TASK MATERIAL START

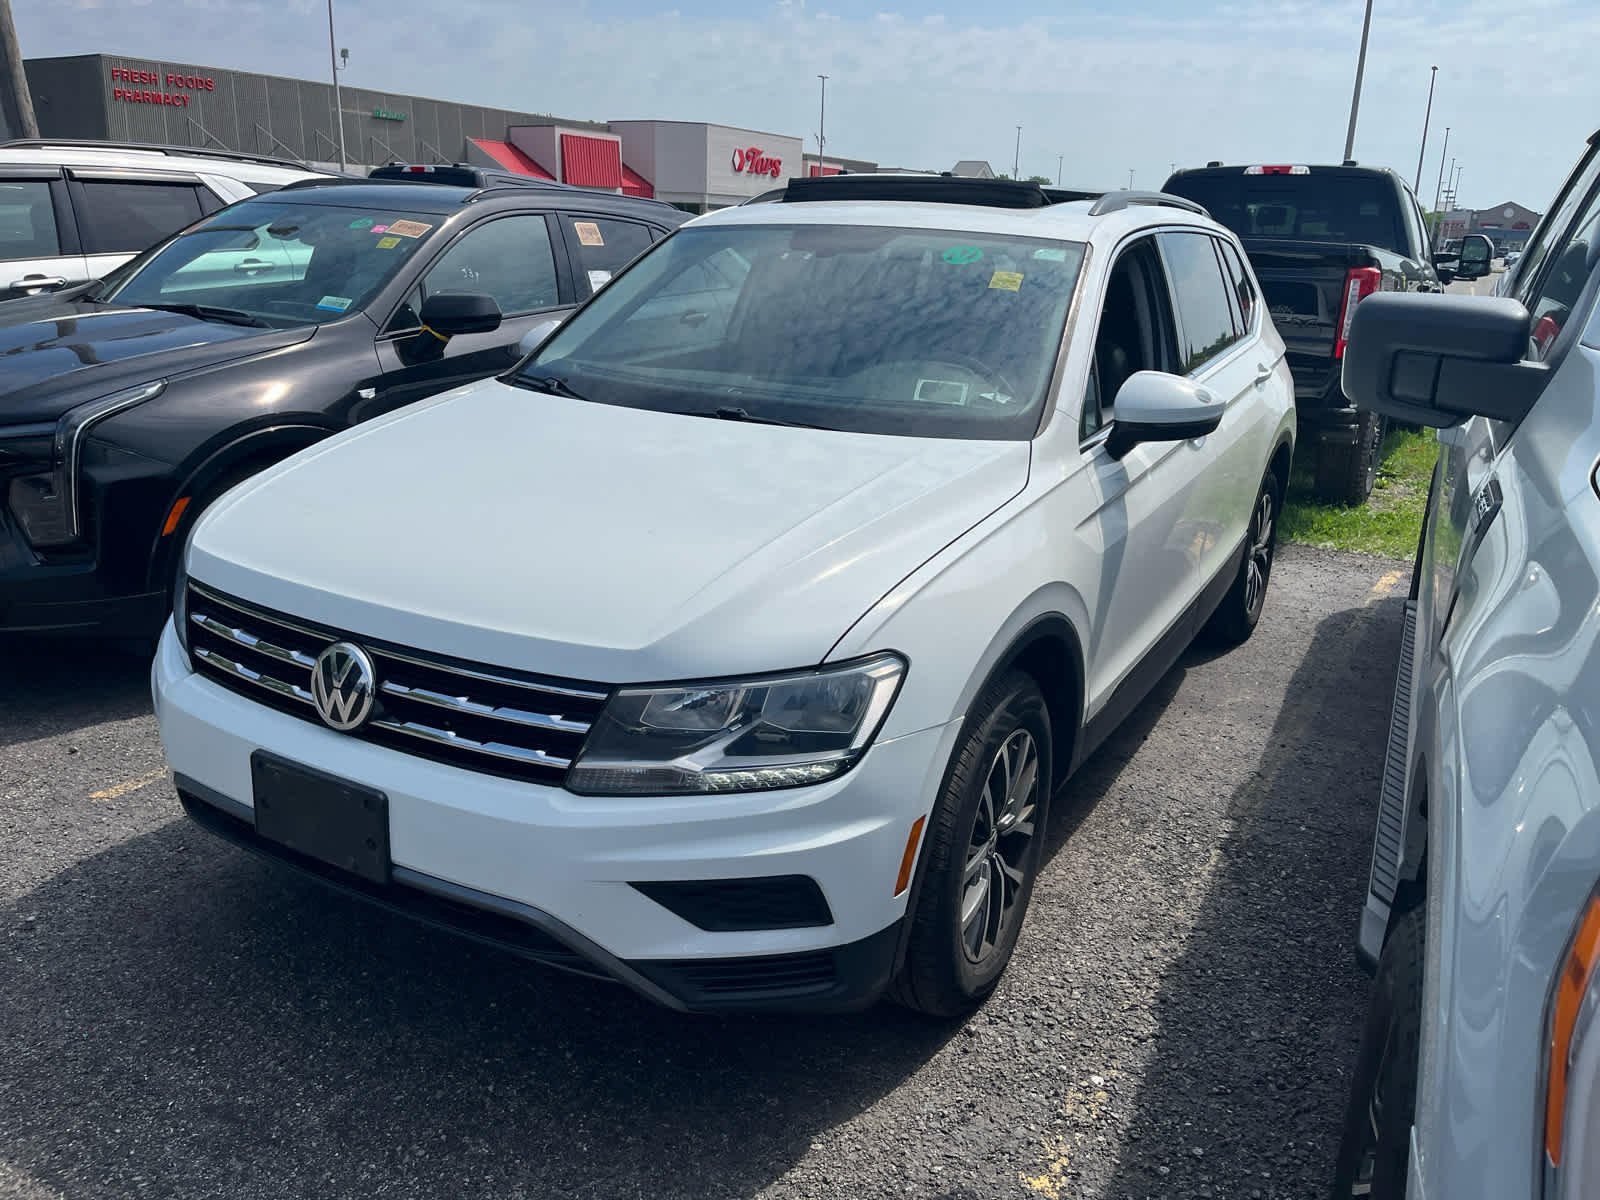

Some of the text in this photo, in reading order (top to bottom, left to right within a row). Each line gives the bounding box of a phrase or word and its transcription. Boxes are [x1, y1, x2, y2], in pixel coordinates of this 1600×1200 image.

[112, 67, 215, 92] FRESH FOODS
[113, 87, 190, 107] PHARMACY
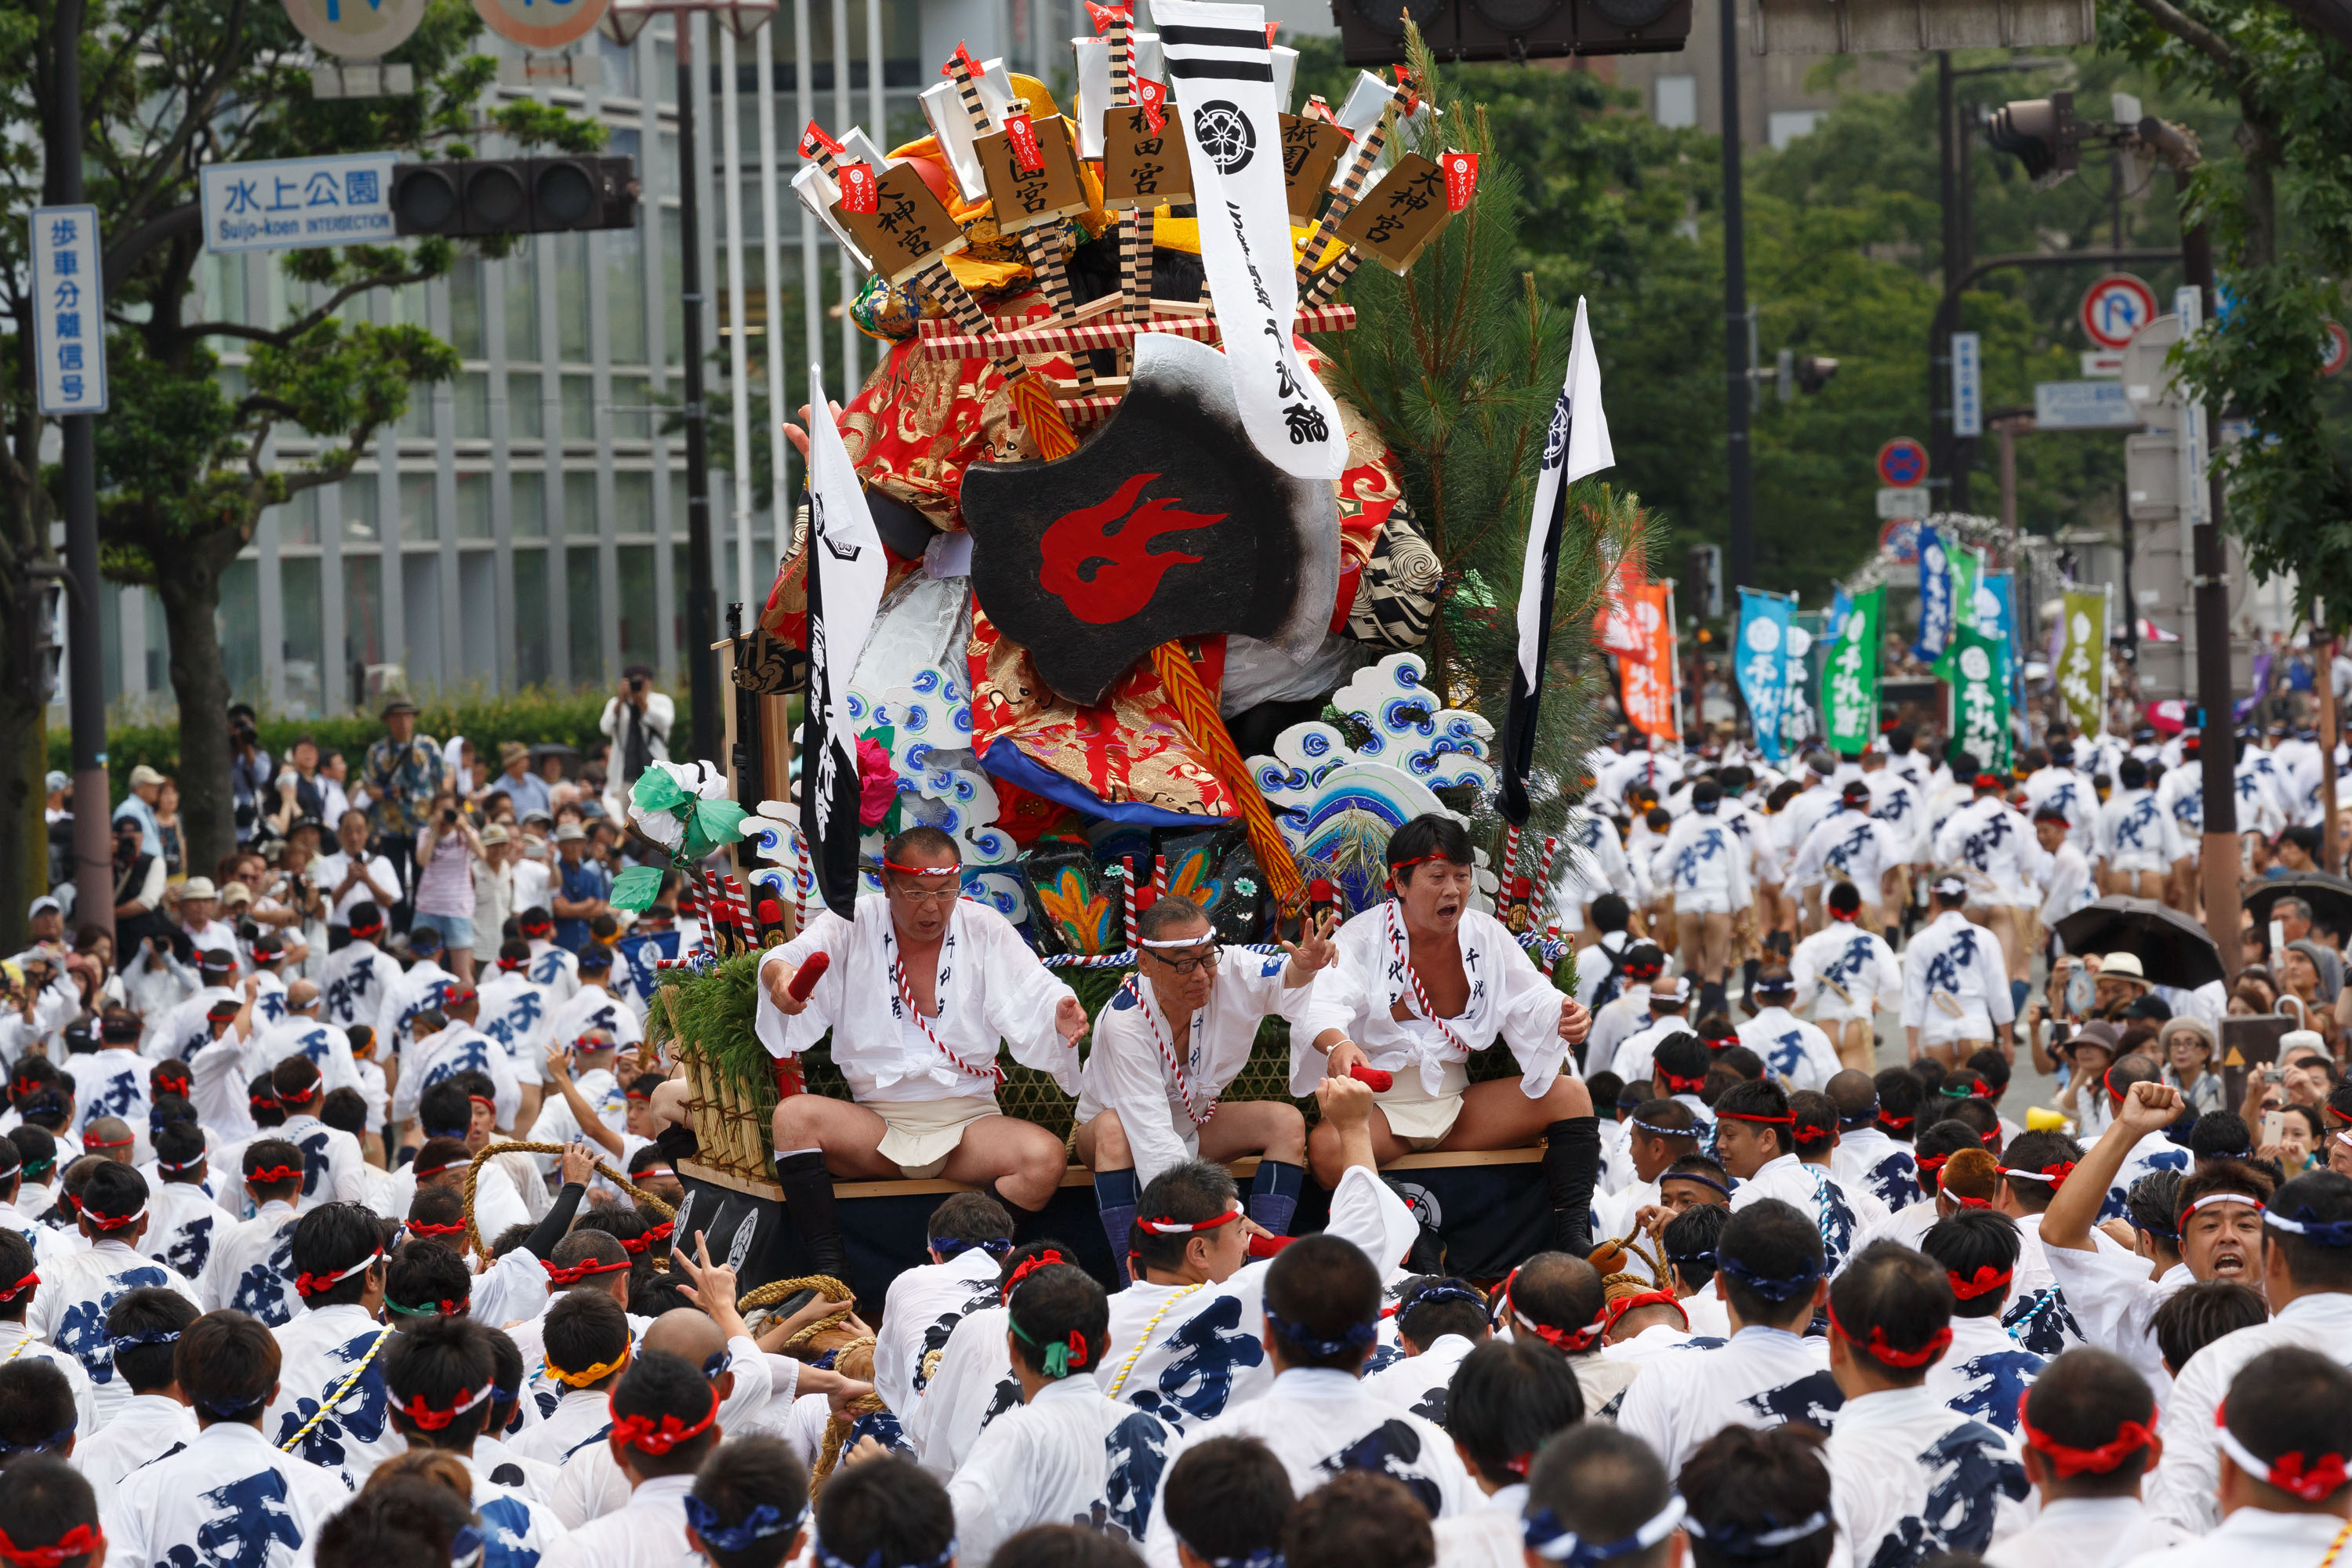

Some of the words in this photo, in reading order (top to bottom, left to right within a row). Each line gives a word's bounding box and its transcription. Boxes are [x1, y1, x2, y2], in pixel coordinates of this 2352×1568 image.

[1283, 119, 1318, 187] 祇園
[224, 169, 380, 213] 水上公園
[1367, 169, 1443, 243] 大神宮
[220, 216, 300, 241] Suijo-koen
[51, 218, 85, 401] 歩車分離信号

TASK MATERIAL END

TASK INSTRUCTIONS:
Include both ends. Return the line holding "Some of the words" and all lines after it in the records above, exactly as written.

SOLUTION FOR THIS TASK:
Some of the words in this photo, in reading order (top to bottom, left to right within a row). Each line gives a word's bounding box and its transcription. Boxes are [x1, y1, x2, y2], in pixel coordinates of this 2352×1568 image.

[1283, 119, 1318, 187] 祇園
[224, 169, 380, 213] 水上公園
[1367, 169, 1443, 243] 大神宮
[220, 216, 300, 241] Suijo-koen
[51, 218, 85, 401] 歩車分離信号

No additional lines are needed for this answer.